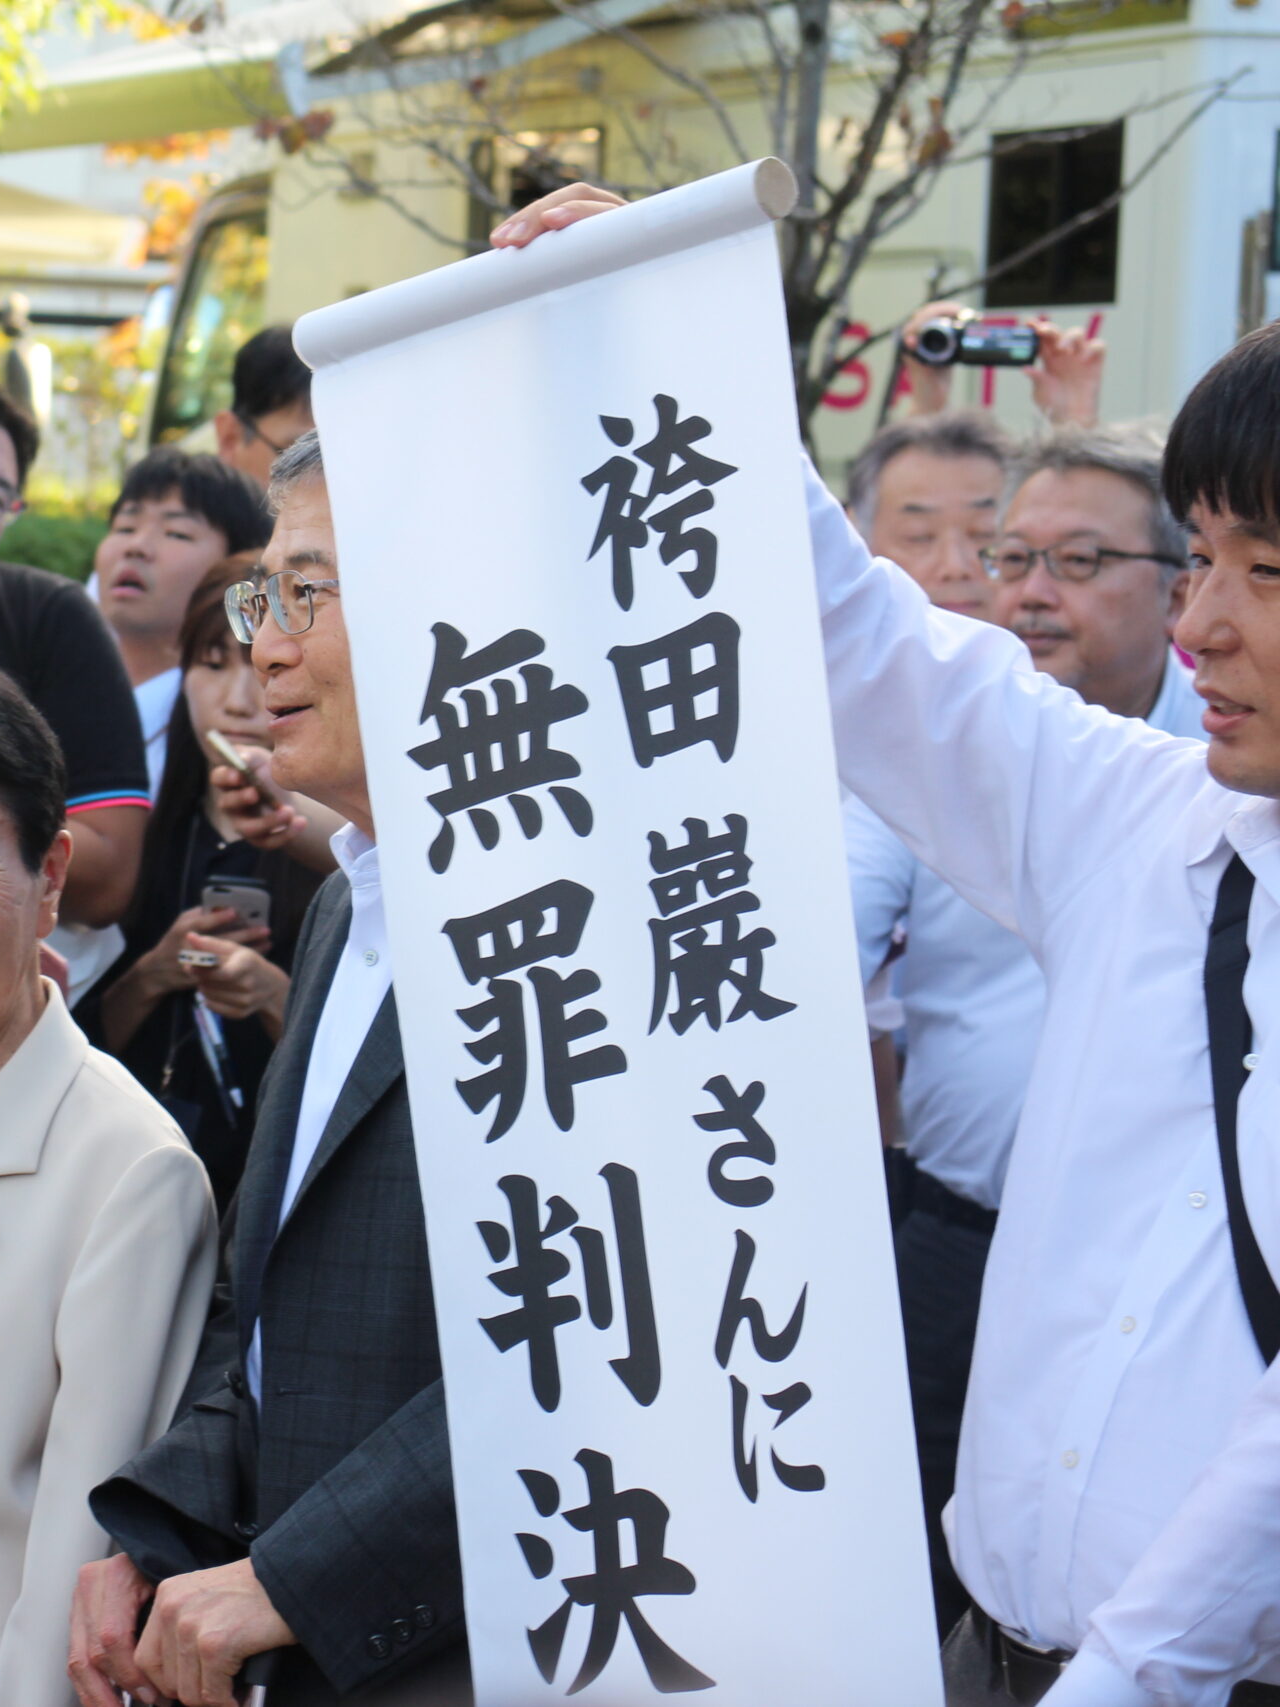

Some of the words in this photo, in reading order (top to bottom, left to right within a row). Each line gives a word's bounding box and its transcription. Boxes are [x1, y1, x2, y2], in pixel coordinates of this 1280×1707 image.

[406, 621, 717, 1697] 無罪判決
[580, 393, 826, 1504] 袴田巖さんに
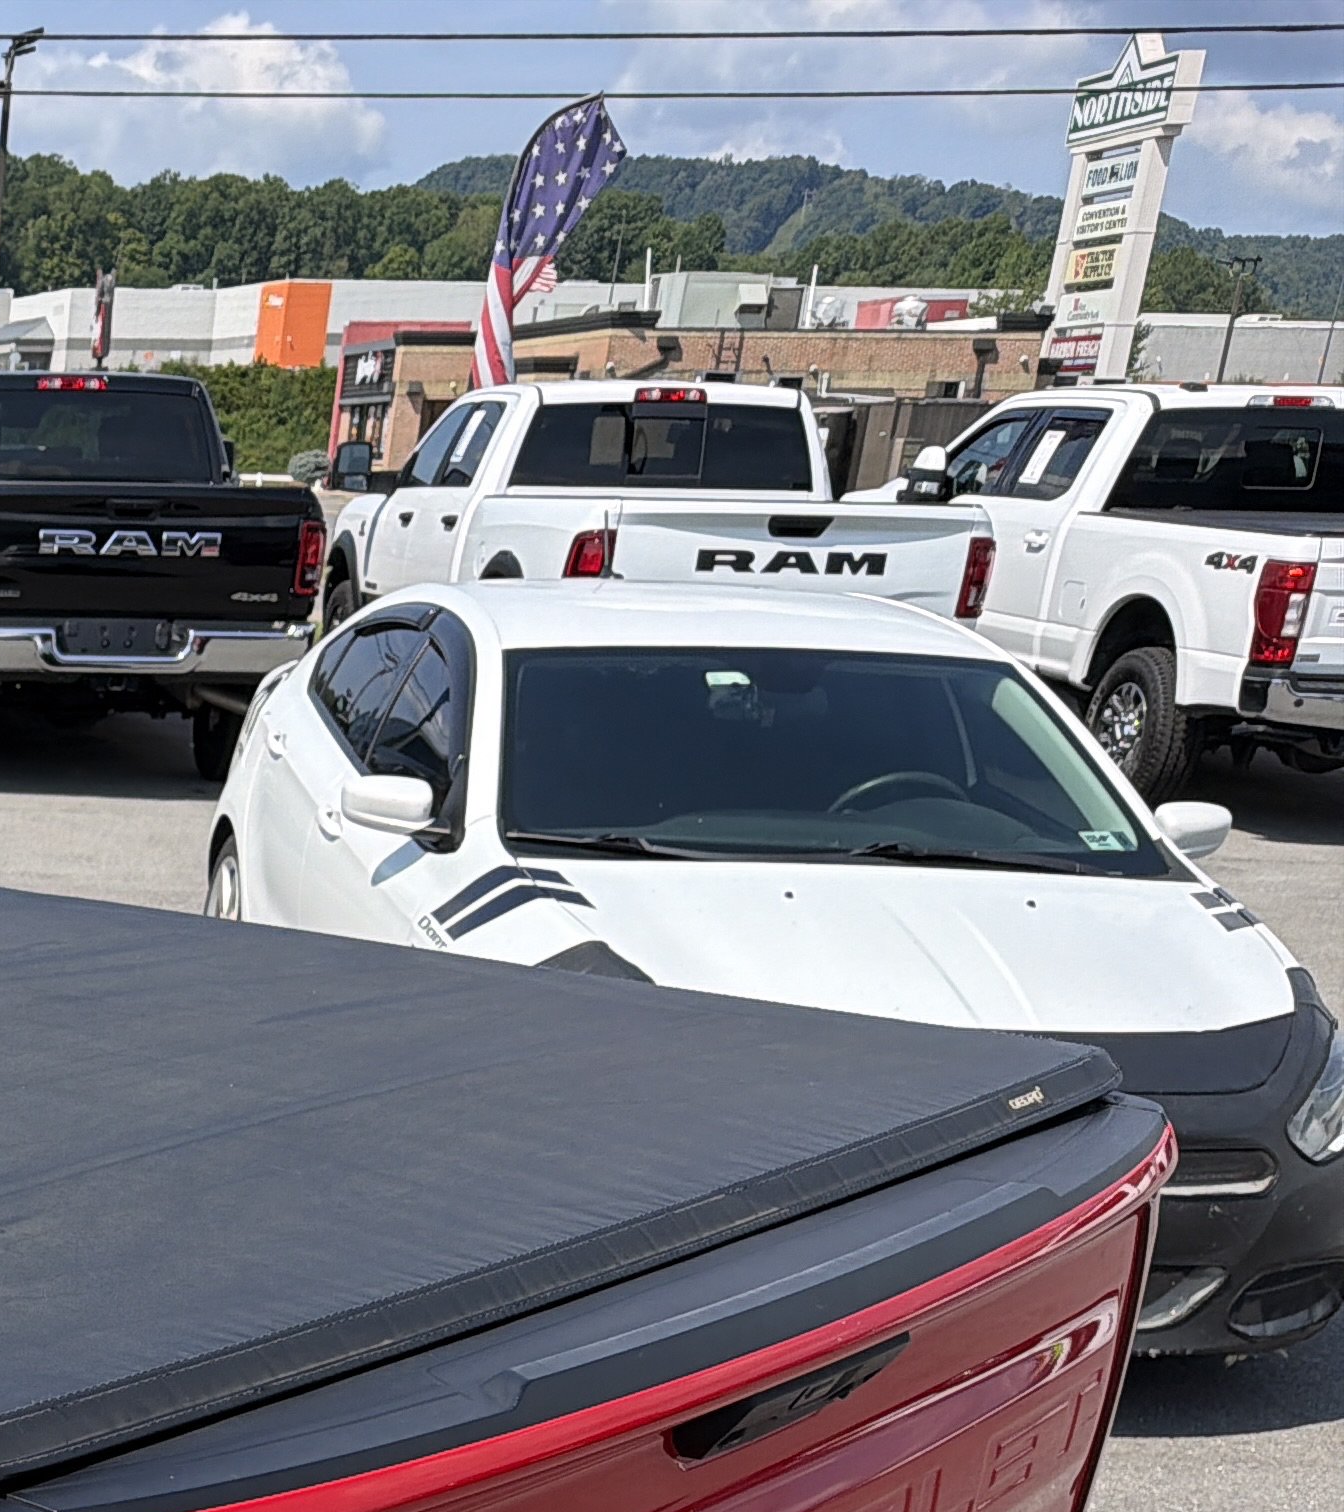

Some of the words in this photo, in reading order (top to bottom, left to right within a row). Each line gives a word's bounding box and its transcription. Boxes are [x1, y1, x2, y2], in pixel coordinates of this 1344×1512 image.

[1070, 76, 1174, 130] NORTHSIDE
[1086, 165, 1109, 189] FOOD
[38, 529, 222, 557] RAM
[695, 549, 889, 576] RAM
=======
__What you have to do__.
Write the lines above out again exactly, excluding every picture.

__Solution for this exercise__.
Some of the words in this photo, in reading order (top to bottom, left to right within a row). Each line gives a word's bounding box and its transcription. Boxes are [x1, y1, x2, y2], in pixel coordinates of this 1280×1707 image.

[406, 621, 717, 1697] 無罪判決
[580, 393, 826, 1504] 袴田巖さんに

Some of the words in this photo, in reading order (top to bottom, left to right within a row). Each line gives a word's bounding box and its transcription. Boxes are [x1, y1, x2, y2], in pixel coordinates of this 1344×1512 image.

[1070, 76, 1174, 130] NORTHSIDE
[1086, 165, 1109, 189] FOOD
[38, 529, 222, 557] RAM
[695, 549, 889, 576] RAM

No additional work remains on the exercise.